Downtown Houston is basically going to be Super Bowl central, which is nice, considering its bar scene has really exploded in recent years. The best way to describe Notsuoh (Houston spelled backwards) is as a weird, hip little dive bar. Some dive bars in and around our city are just that, run-down joints that cater to regulars and do it well. Notsuoh, meanwhile, has an artier vibe and certainly offers a wide array of clientele. But the live music (often free) is on point and the drinks are cheap; Notsuoh embodies all that’s right with Houston, and it’s not just in the name. (314 Main, notsuoh.com)
9. OKRA CHARITY SALOON
Speaking of downtown, architecture buffs and charitable types will enjoy their time at OKRA. For starters, the building – open, airy, spacious and soaked with natural light – is the crown jewel of downtown Houston bars. Second, all of the proceeds generated from drink sales go to any number of local charities and nonprofits. Organizations that have benefited from OKRA’s generosity include Rescued Pets Movement, the Houston Museum of Natural Science and Project Autism. (924 Congress, friedokra.org)

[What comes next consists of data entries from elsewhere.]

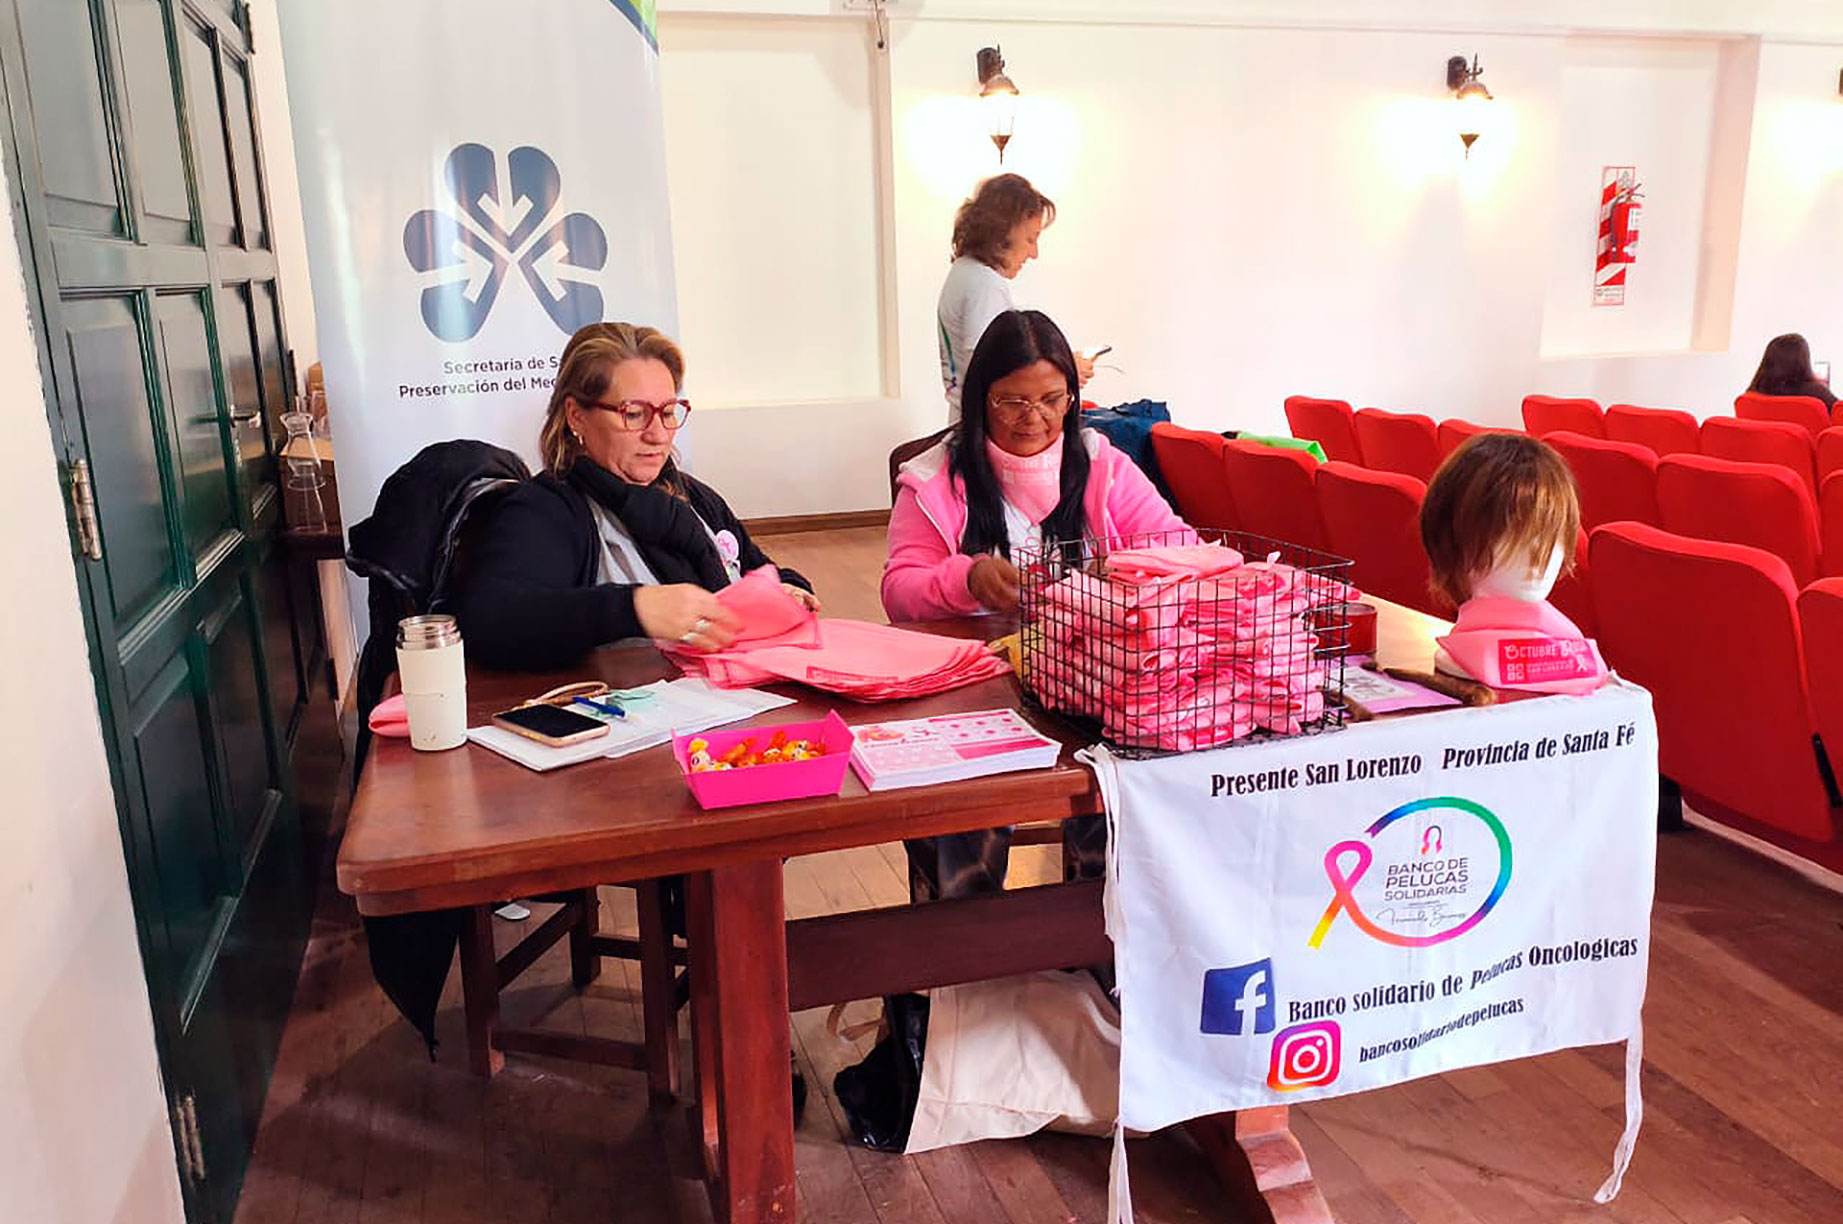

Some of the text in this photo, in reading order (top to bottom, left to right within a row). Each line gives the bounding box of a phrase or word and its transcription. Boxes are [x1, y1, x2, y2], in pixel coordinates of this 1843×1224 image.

[527, 356, 545, 369] de
[549, 355, 561, 368] S
[399, 379, 500, 398] Preservación
[503, 376, 527, 390] del
[1442, 721, 1636, 770] Provincia de Santa Fé
[1211, 754, 1423, 797] Presente San Lorenzo
[1387, 857, 1469, 876] BANCO DE
[1385, 869, 1469, 889] PELUCAS
[1383, 883, 1467, 901] SOLIDARIAS
[1288, 938, 1638, 1023] Banco solidario de Pelucas Oncologicas
[1359, 998, 1525, 1063] bancosolidariodepelucas
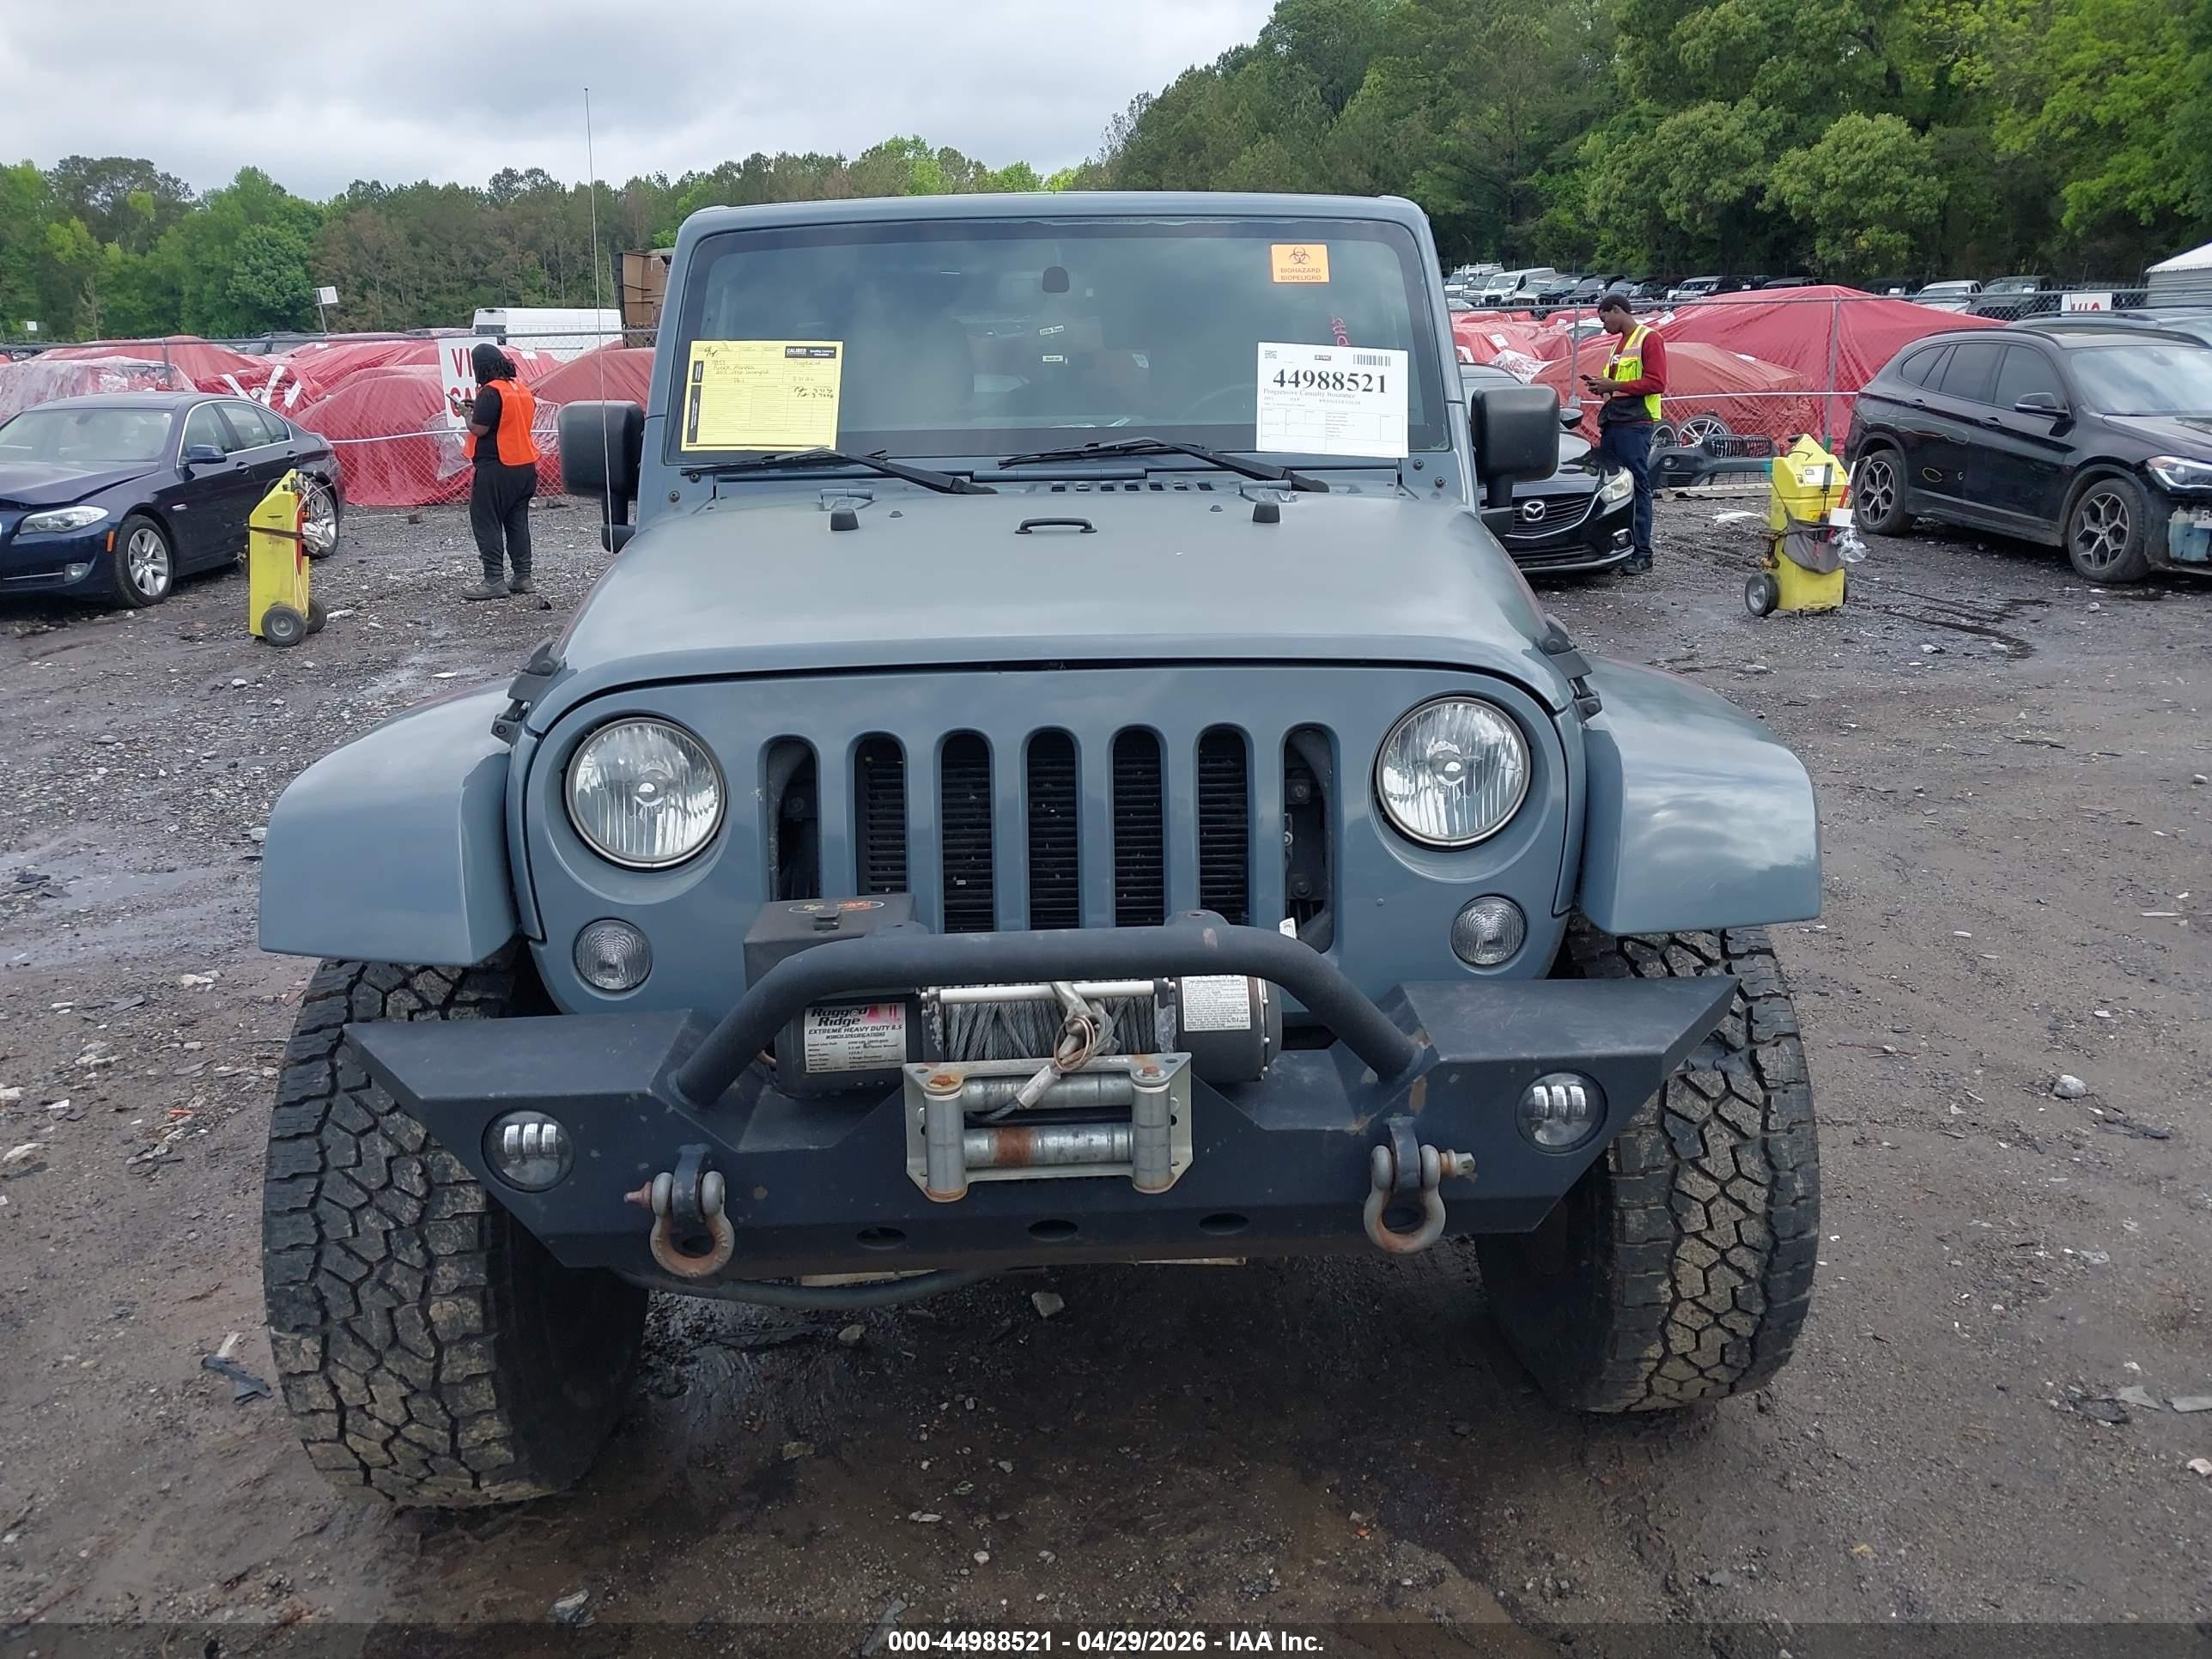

8. 3RD FLOOR/IRISH COWBOY/PUB FICTION
If you came to Houston to cut loose and party, you’d best find your way to Midtown. This part of town is reserved for weekend revelry, and no bars better personify this notion than the trio of 3rd Floor, Irish Cowboy and Pub Fiction. Irish Cowboy (the former Celtic Gardens) has undergone a major patio expansion, as has Pub Fiction, both of which make for ideal spaces to round up a large crew, hit the town, knock down some drinks and stay out until last call (which, for you non-Texas types, is 2 a.m.) (2303 Smith, 3rdfloorhouston.com/irishcowboy.com/pubfiction.com)
7. FIREHOUSE SALOON
No, most Houstonians don’t wear cowboy hats or ride their horses to work. That said, some stereotypical Texas qualities do exist here. Namely, Houston has a lot of really good honky-tonks and dance halls. Owned by firemen (hence the name), Firehouse Saloon has been serving up cold beer and country music for more than 20 years. (5930 Southwest Freeway, firehousesaloon.com)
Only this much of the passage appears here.